“I simply can’t build up my hopes on a foundation consisting of confusion, misery and death, I see the world gradually being turned into a wilderness … yet if I look up into the heavens, I think that it will all come right.”
These words, written by Anne Frank in her last diary entry, reveal the mind of a girl coming to terms with her extraordinary predicament. Though almost everyone has read excerpts of Frank’s diary, Anne Frank the Writer: An Unfinished Story at the United States Holocaust Memorial Museum features a broader selection of her work, giving a clearer picture of a writer just beginning to mature.
Illuminated quotes from Anne’s writings hover on the wall, burning brightly for a few moments then fading away into a telling darkness, a reminder of the deaths that claimed all of the Frank family except Anne’s father, Otto. Through these words, Anne communicates her wishes for “tranquility and peace” and her insistence that, despite everything, she still believes that “people are good at heart.”
In partnership with the Anne Frank Huis in Amsterdam, this special exhibit contains material never before shown outside of the Netherlands, where the Frank family spent its last years in hiding.

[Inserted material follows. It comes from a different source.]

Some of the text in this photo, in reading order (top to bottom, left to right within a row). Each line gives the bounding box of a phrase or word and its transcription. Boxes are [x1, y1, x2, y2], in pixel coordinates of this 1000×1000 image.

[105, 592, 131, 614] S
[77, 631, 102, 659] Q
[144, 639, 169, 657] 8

The first wall of the exhibit showcases photographs of Anne and her family in happier times, stopping abruptly in 1942, when Otto Frank took his family to live in a series of secret rooms behind a bookcase at his workplace.
Though the original diary itself remains in Amsterdam, this exhibit displays a replica. Given to Anne just a month before the family went into hiding, the diary became at first a solace and then a potential manuscript for Anne, who hoped to be a published writer. The red and white replica seems so ordinary that one has trouble imagining the significance it would later achieve in history and literature.

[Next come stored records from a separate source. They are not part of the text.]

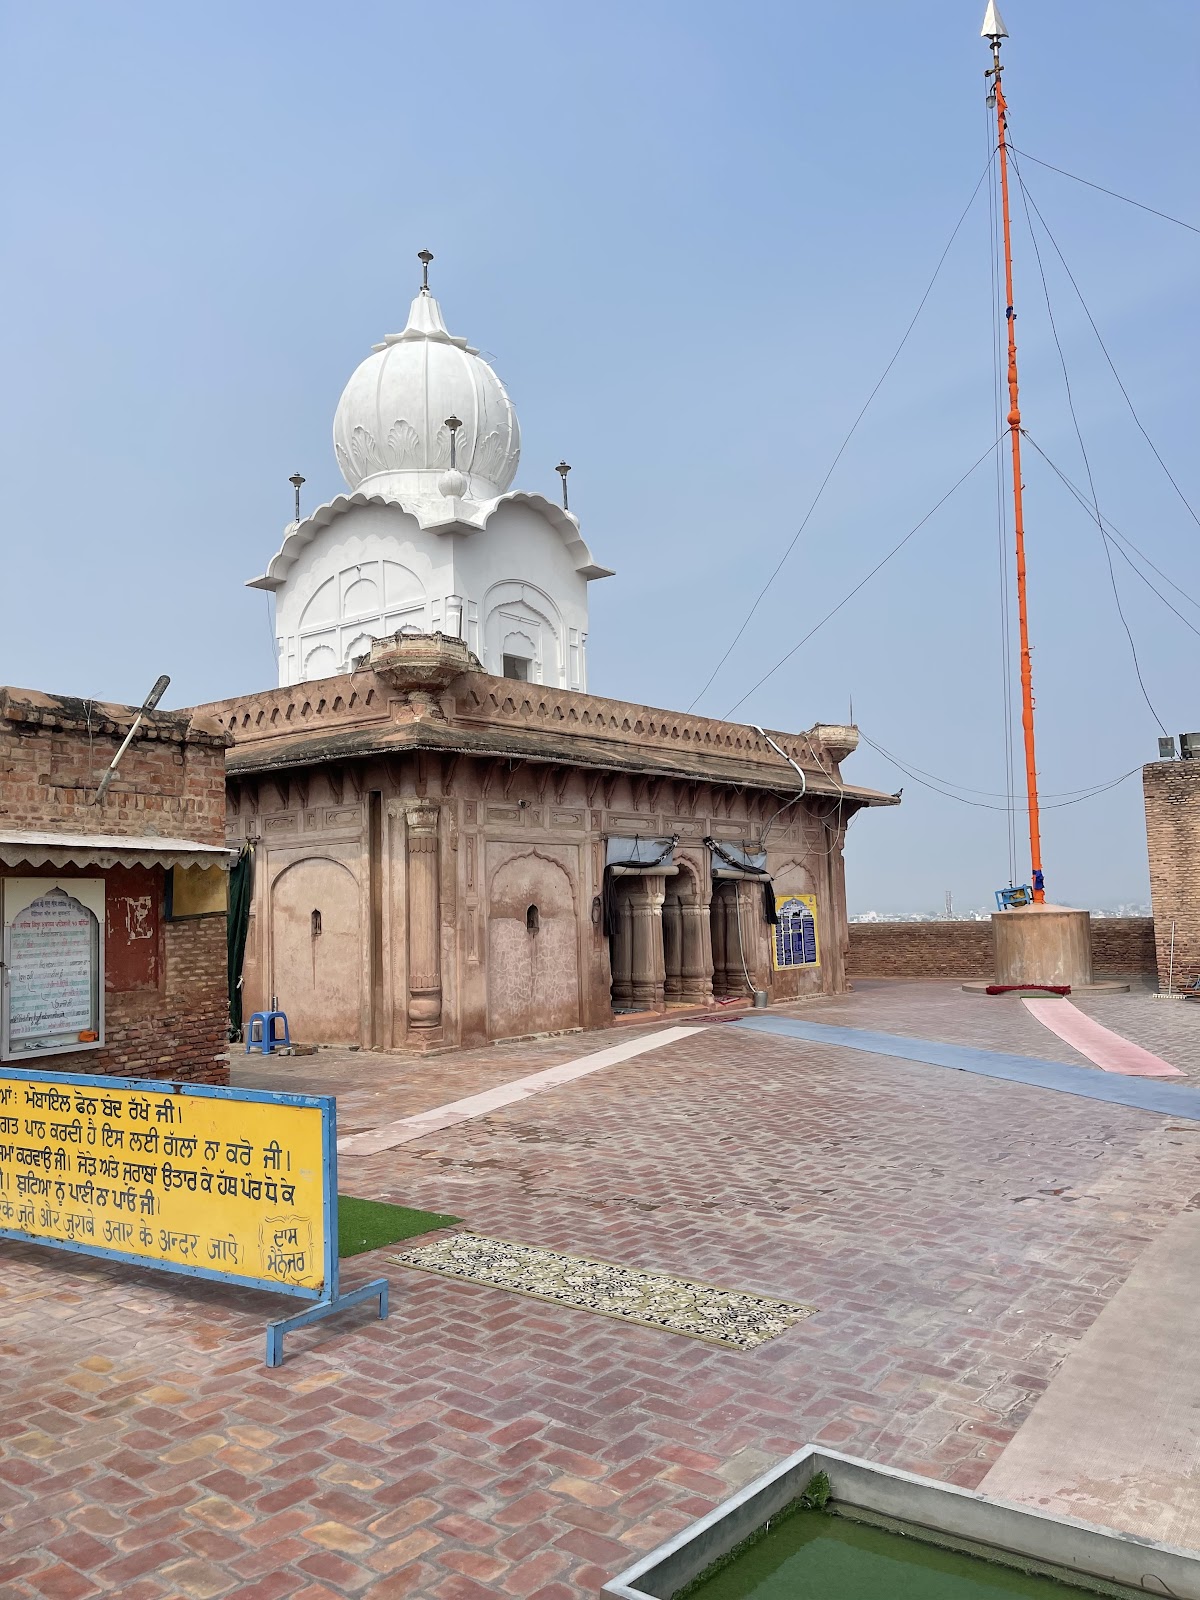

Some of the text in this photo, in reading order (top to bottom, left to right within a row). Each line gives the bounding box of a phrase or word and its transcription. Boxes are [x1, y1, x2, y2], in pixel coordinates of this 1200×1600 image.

[24, 1082, 71, 1112] ਮੋਬਾਇਲ
[73, 1088, 98, 1115] ਫੋਨ
[101, 1094, 122, 1118] ਬੰਦ
[128, 1095, 151, 1121] ਰੱਖੋ
[25, 1119, 46, 1139] ਪਾਠ
[50, 1119, 83, 1143] ਕਰਦੀ
[87, 1118, 97, 1145] ਹੈ
[102, 1122, 125, 1149] ਇਸ
[129, 1127, 159, 1153] ਲਈ
[163, 1130, 198, 1158] ਗੱਲਾਂ
[204, 1141, 220, 1161] ਨਾ
[226, 1135, 253, 1166] ਕਰੋ
[55, 1174, 66, 1206] ਨੂੰ
[68, 1180, 94, 1205] ਪਾਣੀ
[96, 1188, 109, 1206] ਨਾ
[112, 1187, 137, 1212] ਪਾਓ
[77, 1147, 97, 1177] ਜੋੜੇ
[99, 1155, 120, 1178] ਅਤੇ
[122, 1162, 157, 1186] ਜੁਰਾਬਾਂ
[161, 1162, 197, 1191] ਉਤਾਰ
[200, 1166, 214, 1193] ਕੇ
[216, 1169, 238, 1197] ਹੱਥ
[241, 1172, 262, 1200] ਪੈਰ
[264, 1172, 278, 1204] ਧੋ
[281, 1177, 295, 1205] ਕੇ
[38, 1200, 62, 1232] और
[63, 1208, 96, 1239] जुराबे
[103, 1219, 134, 1247] उतार
[139, 1218, 153, 1247] के
[158, 1229, 200, 1259] अन्दर
[273, 1228, 298, 1247] ਦਾਸ
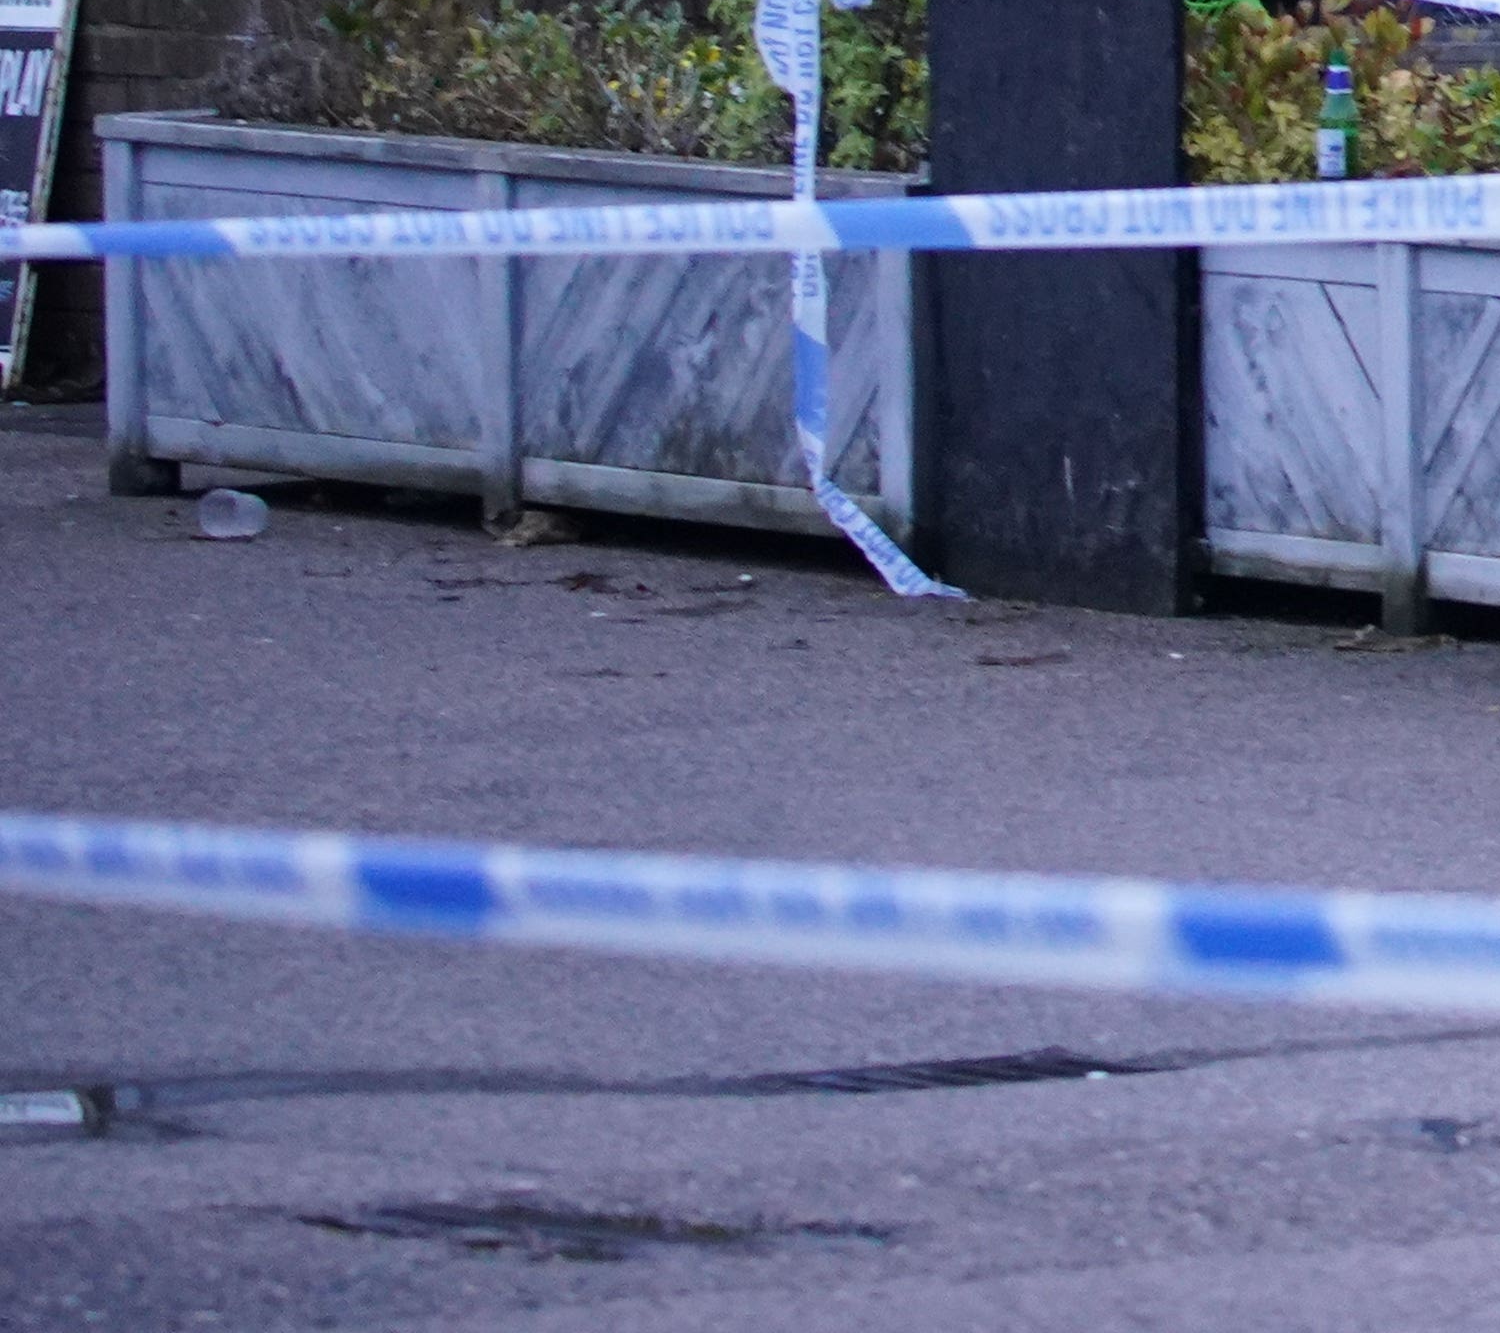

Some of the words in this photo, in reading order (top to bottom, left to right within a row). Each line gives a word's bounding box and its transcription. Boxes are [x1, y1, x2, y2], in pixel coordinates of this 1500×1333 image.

[643, 201, 776, 243] POLICE
[988, 194, 1111, 239] CROSS
[1123, 191, 1196, 236] NOT
[1206, 189, 1258, 234] DO
[1271, 186, 1348, 233] LINE
[1361, 183, 1484, 231] POLICE

A good deal of The Diary of Anne Frank chronicles the ordinary details of family life in a small confined space, such as squabbles with her sister Margot and tension with her mother. As Anne matures, she becomes more concerned with broader issues of cruelty and forgiveness than with tensions that accompany two families sharing a small living space. Some of Anne’s more creative endeavors, short stories and plays, are also on display.
Anne’s insights are often simple but not simplistic, the musings of a particularly insightful teenager devouring all the literature that she can. Pages of Anne’s fluid script show she meticulously copied her favorite passages from the works of Oscar Wilde and Wolfgang von Goethe. Scattered throughout the exhibit are alcoves containing televisions that quietly play portions of an interview with Miep Gies, a family friend who provided vital assistance to the Franks . She speaks of Anne demanding books, desperate to grow as a writer and to connect with the outside world in any way.
Many entries are intensely personal and show Anne struggling to make sense of her painful circumstances. Her vocabulary is at times astounding, but most poignant are such sentences as, “To never go outside bothers me more than I can say,” and her anticipation of the day when she and her family will be considered “people again, and not just Jews.”
In 1944, an informer betrayed the families and Anne ended up on the last train to Auschwitz. She died at the Bergen-Belsen concentration camp in Germany when she was 15 years old, missing Allied liberation of the site by only a few weeks. This exhibit is both a portrait of Anne and an elegy for the person she could have been.
The United States Holocaust Memorial Museum is located at the corner of 14th St. and Independence Ave., N.W. “Anne Frank the Writer -An Unfinished Story” shows through January 13, 2003. Tickets are free, but to ensure entry should be reserved at tickets.com for a $1.75 surcharge.